The decision to terminate the reverse HF post-market trial, reallocating $4 million to higher-impact areas, signals a clear shift toward commercial execution over long-cycle clinical evidence generation in heart failure. Leadership is prioritizing investments that can drive near-term revenue and margin improvement, rather than incremental inpatient indications.

Key Considerations

This quarter’s results and management actions highlight a company at a strategic crossroads, balancing operational recovery with targeted investment in growth segments and cost structure transformation.

Key Considerations:

  • Pediatric Segment Resilience: Sustained demand and new hospital wins reinforce Aquadex’s clinical differentiation in pediatrics.
  • Outpatient Heart Failure Reimbursement Catalysts: Higher reimbursement rates are driving hospital engagement, but program activation and patient volume ramp are key watchpoints.
  • Manufacturing Transition Execution Risk: The October shift to KDI must deliver promised cost savings without supply interruptions.
  • Capital Reallocation Discipline: Termination of the reverse HF trial reflects a pragmatic focus on investments with clearer commercial returns.

Risks

Operational risk remains elevated as the company executes its manufacturing transition, with any delay or quality issue potentially impacting revenue and margin. The business is also exposed to reimbursement changes and slow adoption in the outpatient heart failure segment. Liquidity, while improved, remains a watchpoint given ongoing losses and the need for sustained execution to approach cash flow breakeven.

Forward Outlook

For Q3 2025, New Ellis expects:

  • Resolution of sterilization backlog to support normalized revenue flow.
  • Continued growth in pediatric and outpatient heart failure segments as new clinics come online.

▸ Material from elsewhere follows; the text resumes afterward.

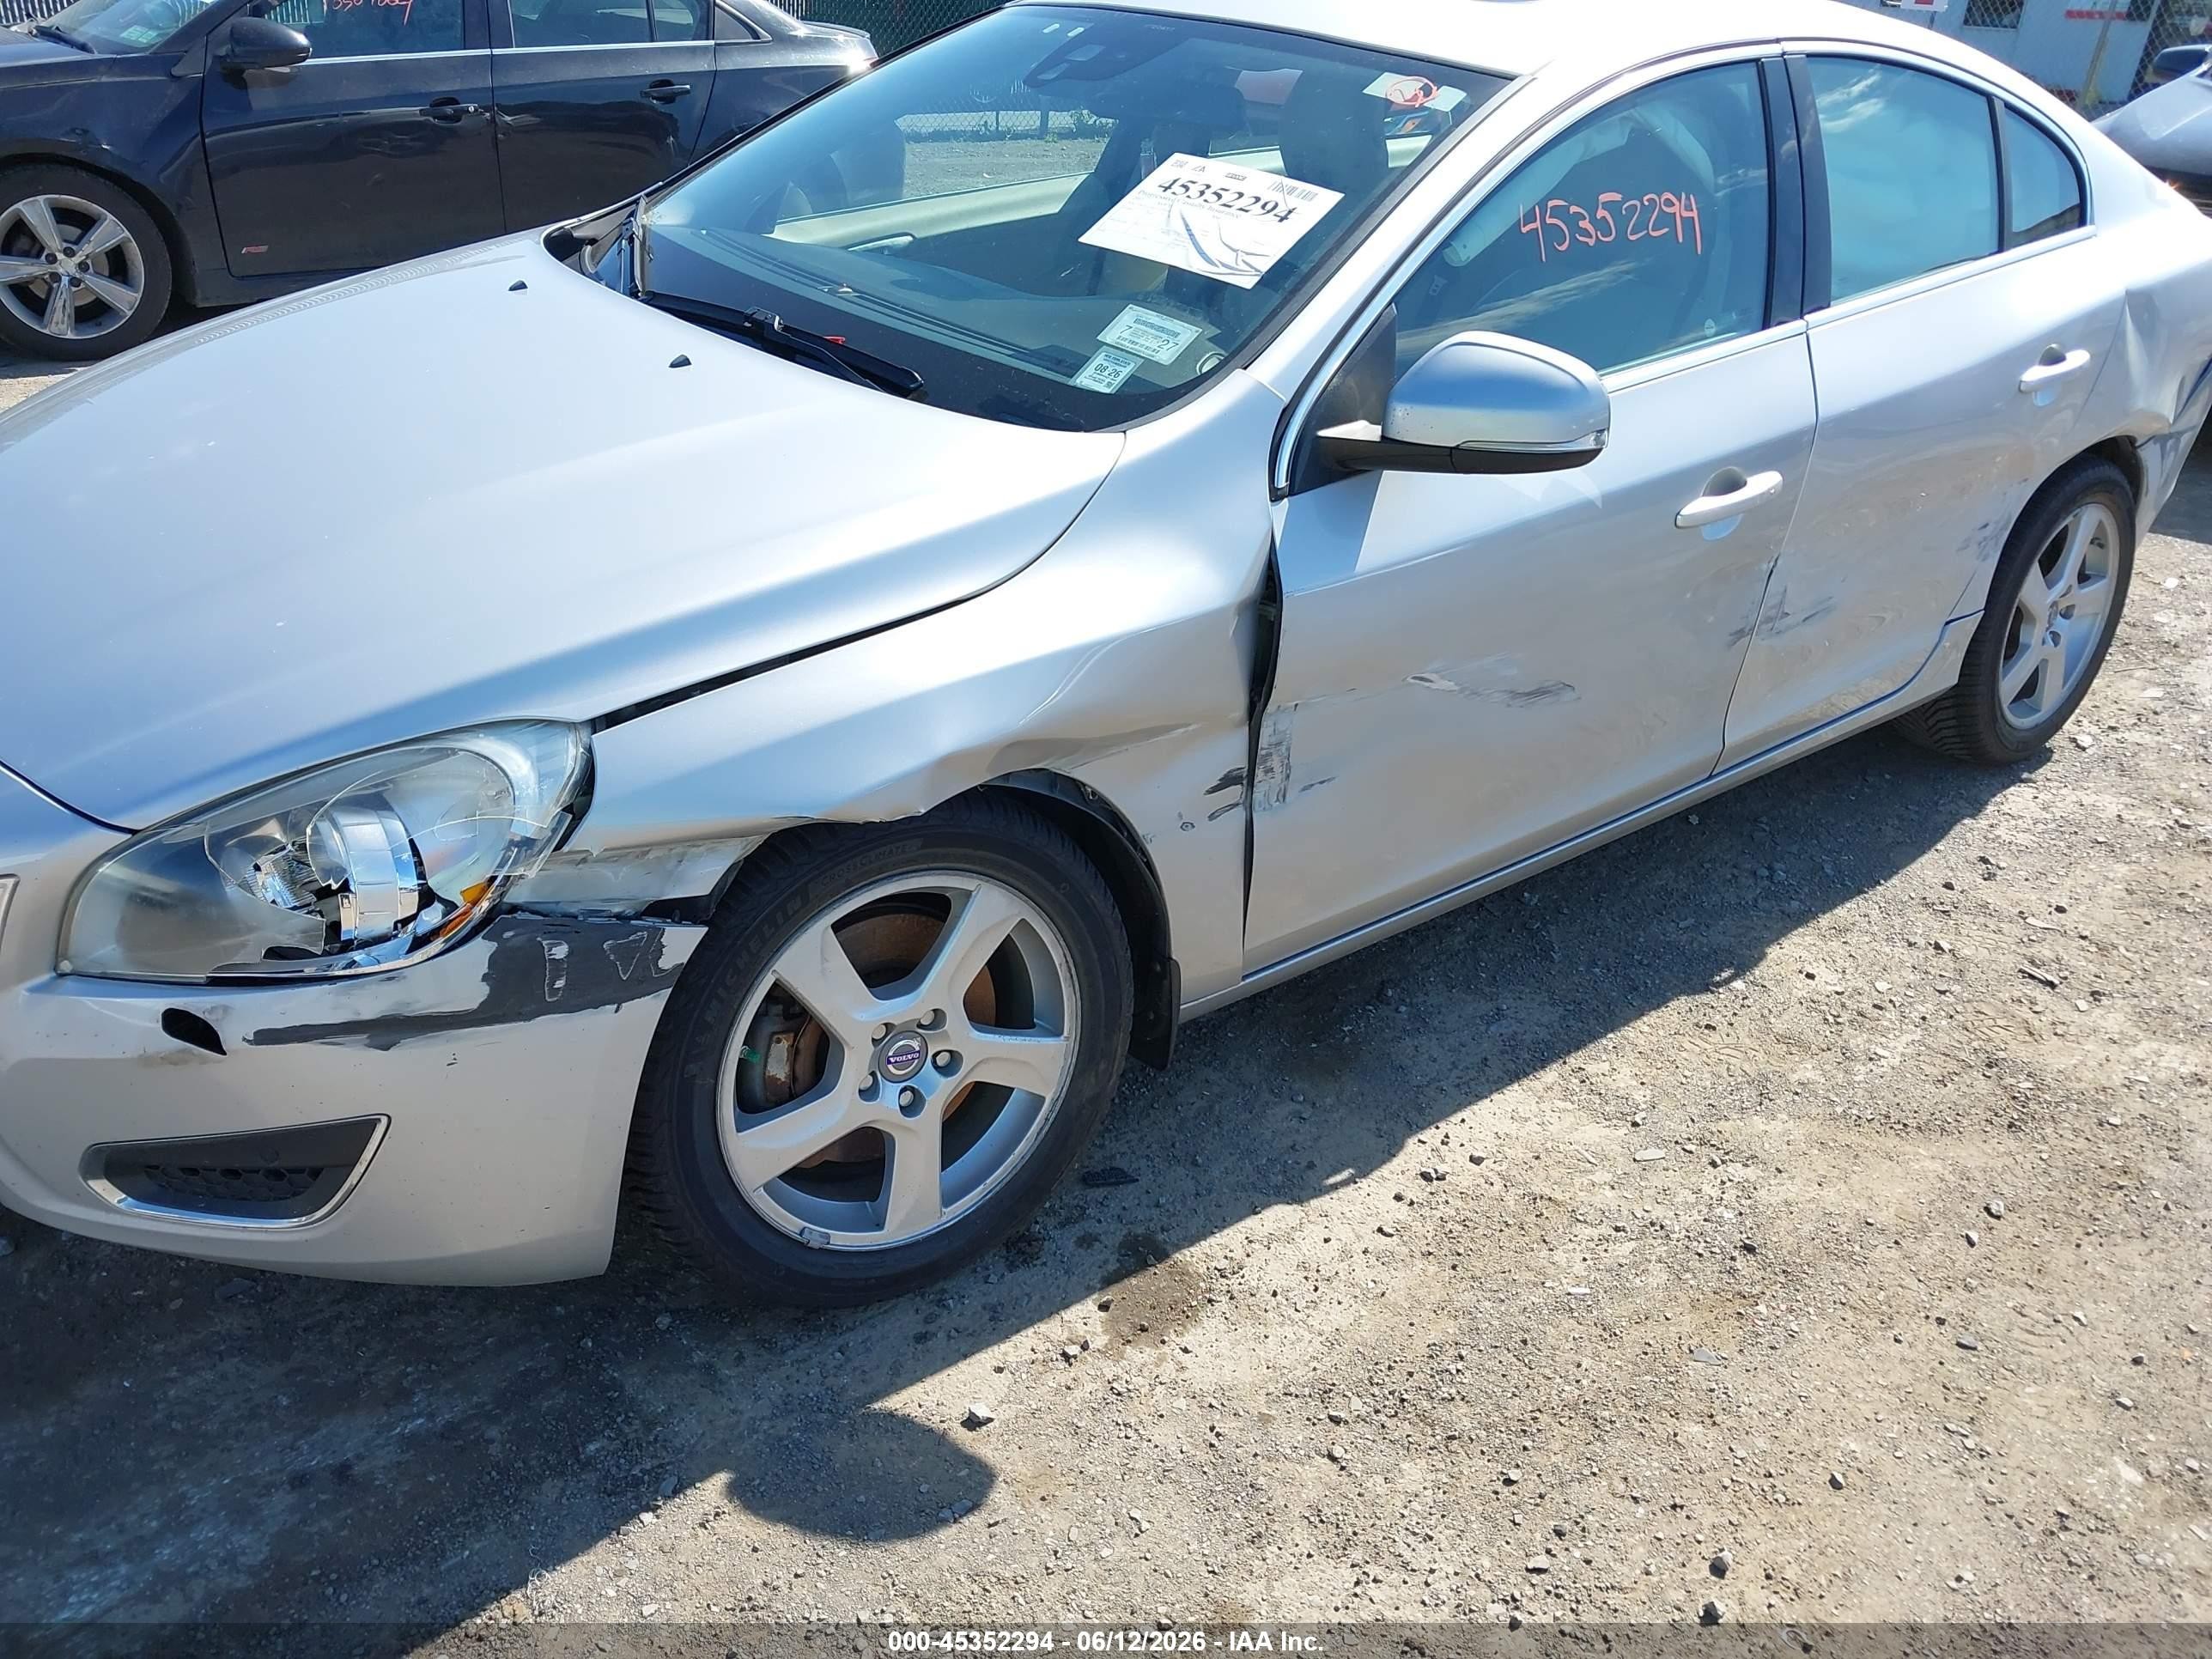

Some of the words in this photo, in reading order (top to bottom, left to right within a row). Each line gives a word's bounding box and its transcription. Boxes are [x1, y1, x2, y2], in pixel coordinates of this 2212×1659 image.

For full-year 2025, management maintained a disciplined approach, emphasizing:

  • Completion of KDI manufacturing transition by October.
  • Focus on driving commercial adoption in pediatrics, cardiac surgery, and outpatient heart failure.

Management highlighted several factors that will shape results:

  • Execution on manufacturing transition and inventory build.
  • Ramp-up of outpatient heart failure clinics under new reimbursement rates.

Takeaways

New Ellis’ Q2 was a test of operational agility and capital discipline, with pediatric demand and reimbursement tailwinds in heart failure providing a path forward. Investors should monitor:

  • Execution on Manufacturing Transition: Cost savings and supply reliability from KDI move are critical to margin improvement and growth enablement.
  • Pediatric and Outpatient Clinic Ramp: Sustained hospital onboarding and clinic activation will be the main drivers of revenue recovery and future upside.
  • Capital Allocation Discipline: Continued focus on high-return investments and cost control will be essential as the company works toward cash flow breakeven.

Conclusion

New Ellis enters the second half of 2025 with a reset operational base, a sharper focus on its strongest clinical segments, and a major manufacturing transition underway. The company’s ability to execute on these priorities will determine whether recent strategic pivots translate into sustained growth and improved financial health.

Industry Read-Through

The quarter underscores the vulnerability of small medtech firms to supply chain disruptions, especially those reliant on single-source vendors for critical processes like sterilization. The rapid shift in reimbursement for outpatient heart failure treatments signals an evolving payer landscape that could benefit device makers able to support hospital clinic buildouts. Capital discipline and targeted investment in high-impact segments are likely to become more prominent themes across the medtech sector, as companies balance clinical evidence generation with commercial execution under tightening capital markets.